Louisiana House of Representatives
- In office 1870–1872

Louisiana State Senate
- In office 1872–1880

Personal details
- Born: 1839/34 Tennessee
- Died: 1909
- Party: Republican

= William Harper (Louisiana politician) =

Louisiana reconstruction era American politician

William Harper (died 1909) was a state legislator who served in the Louisiana House of Representatives and Louisiana State Senate during the Reconstruction era.

== Biography ==

Harper was born enslaved in Tennessee and was taken to Louisiana by his owner in 1845.
He was freed from slavery by federal troops in 1864.

Harper lived in Caddo Parish, Louisiana and was selected as one of the Republican nominations to run for the house to represent the parish.
He was elected in 1870 to represent the parish along with George Luke Smith and John Conway Moncure.
At the time he also ran a small coffee shop with senator Caesar Antoine.

In 1871 he along with several others organised and incorporated a new charitable association called the Morning Star Benevolent Association of Shreveport.

Harper ran a small store selling groceries from 1872 to 1873 a trade he returned too later in the decade.

In November 1872 Harper was elected to serve in the Louisiana State Senate serving the twenty-first senatorial district and was re-elected in 1876 and he served until 1880.
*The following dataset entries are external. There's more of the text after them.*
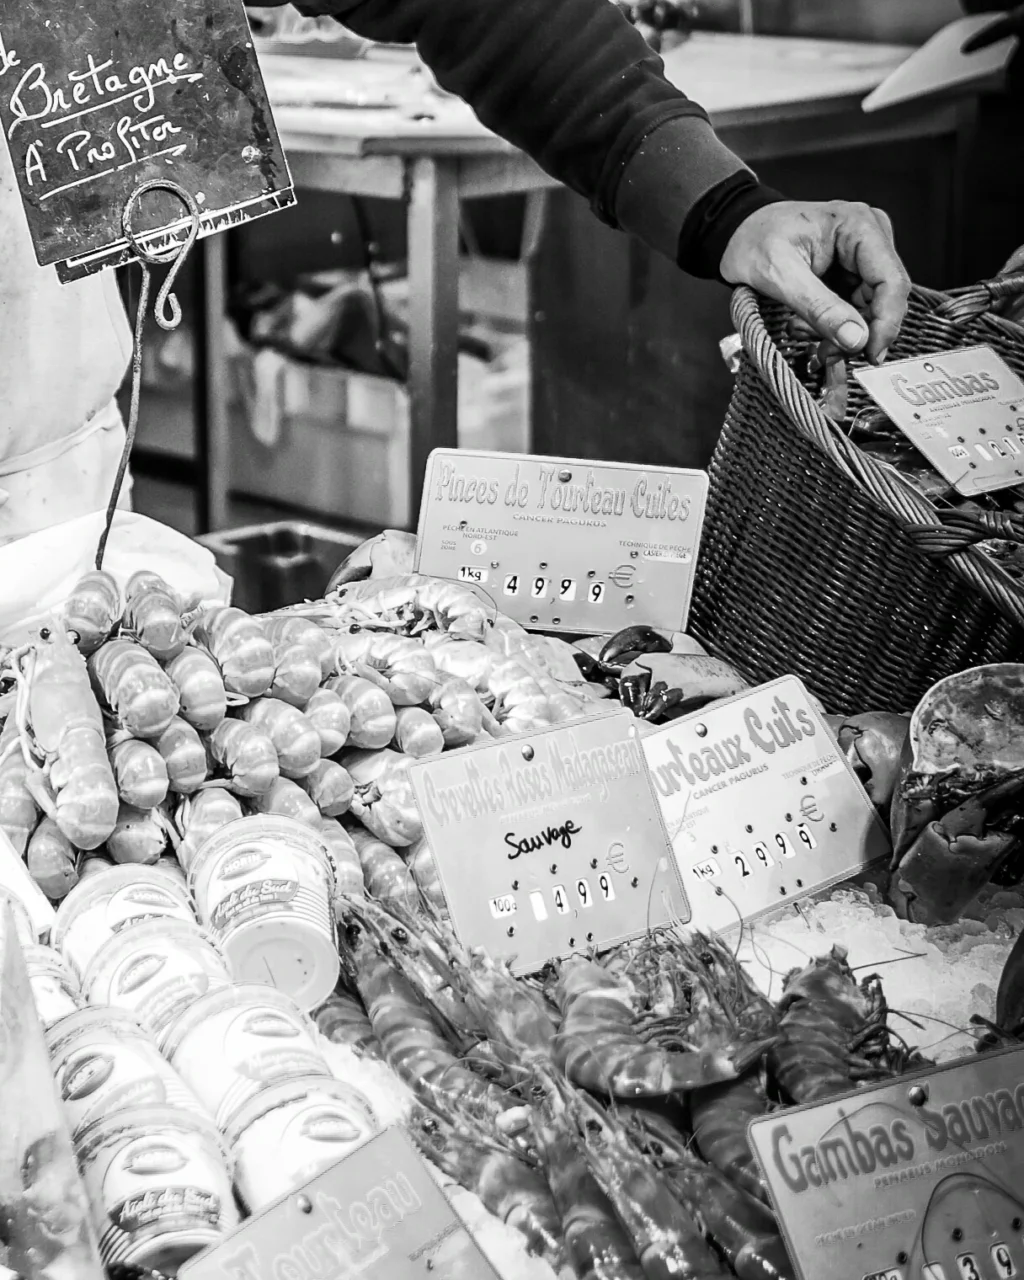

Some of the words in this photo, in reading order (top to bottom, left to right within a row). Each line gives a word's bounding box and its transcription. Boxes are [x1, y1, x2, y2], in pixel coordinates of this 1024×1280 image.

[890, 365, 1000, 407] Gambas
[434, 460, 500, 504] Pinces
[504, 465, 529, 509] de
[537, 466, 626, 517] Tourteau
[629, 474, 692, 522] Cuites
[473, 542, 482, 554] 6
[460, 566, 482, 582] 1kg
[650, 733, 753, 798] urteaux
[743, 695, 816, 754] Cuits
[422, 758, 506, 827] Crevettes
[499, 749, 554, 811] Roses
[692, 779, 728, 801] CANCER
[728, 762, 770, 788] PAGURUS
[504, 819, 583, 860] Sauvage
[255, 877, 294, 901] Sud
[692, 864, 714, 881] 1kg
[771, 1107, 915, 1195] Gambas
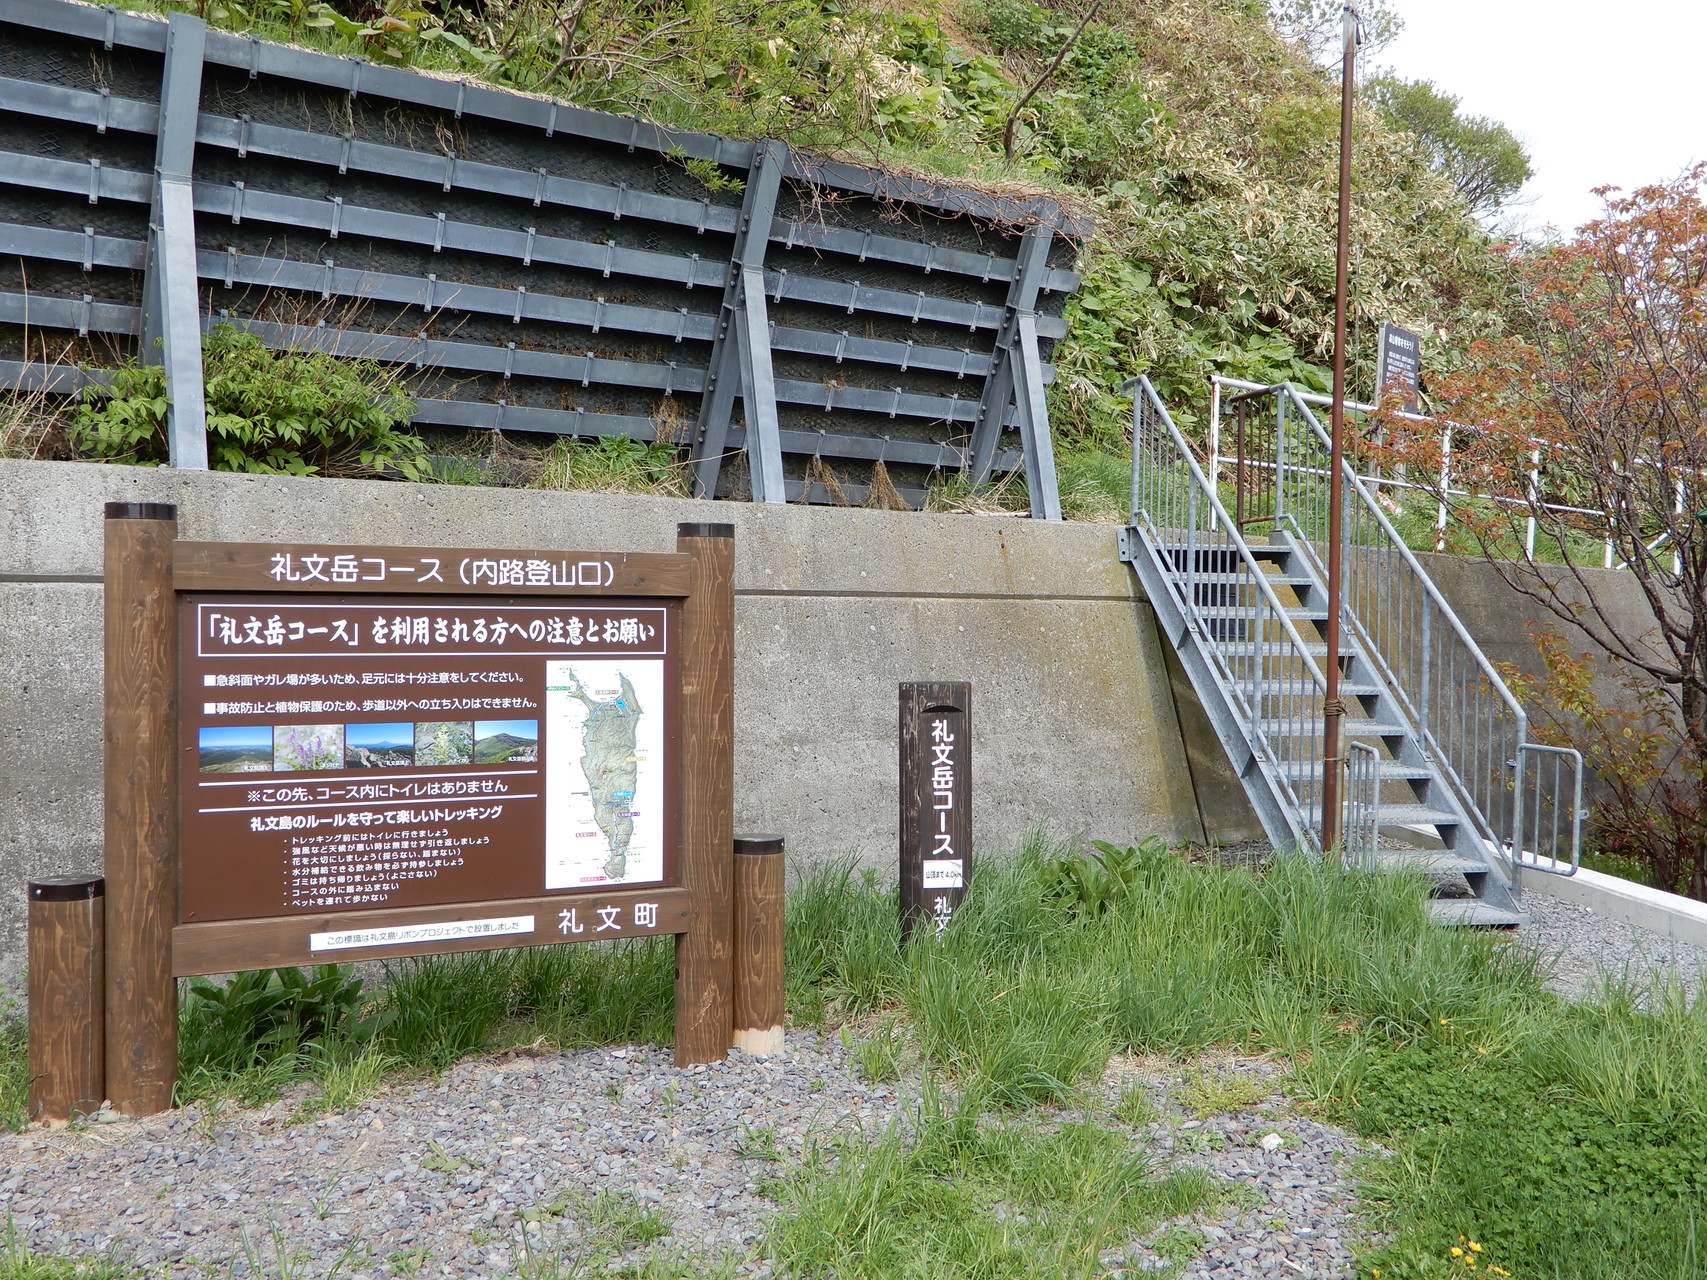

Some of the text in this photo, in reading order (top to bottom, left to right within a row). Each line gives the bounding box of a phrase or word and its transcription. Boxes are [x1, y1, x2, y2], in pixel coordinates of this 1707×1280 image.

[210, 613, 655, 646] 「礼文岳コース」を利用される方への注意とお願い
[931, 719, 955, 855] 礼文岳コース
[250, 805, 503, 832] 礼文島のルールを守って楽しいトレッキング
[558, 902, 659, 935] 礼文町
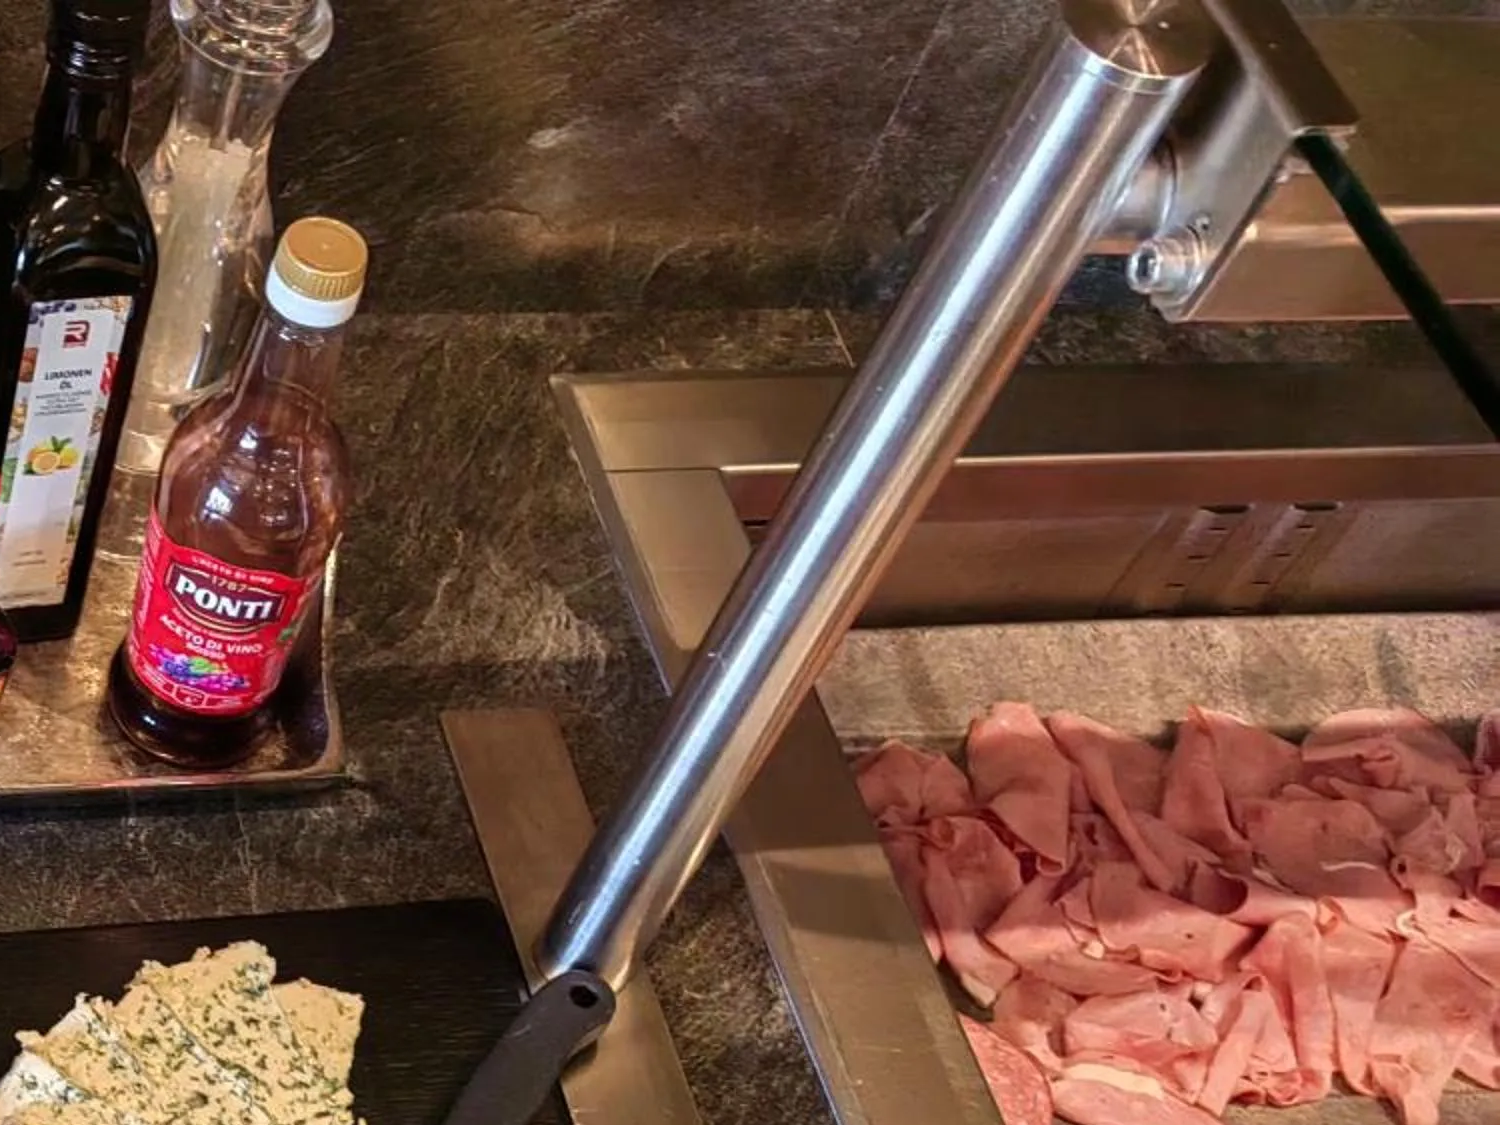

He was made director of the charity hospital in Shreveport in April 1874 along with four others, appointed by governor William Pitt Kellogg.

Harper was selected to represent the forth congressional district along with Raford Blunt at the National Convention of Colored Men in Tennessee in 1876.

He died in 1909.

==See also==
- African American officeholders from the end of the Civil War until before 1900

== Notes ==
- Not to be confused with Wiliam Poynot Harper (1834 - 1874) a soldier and civil sheriff who lived and served at the same time in Louisiana.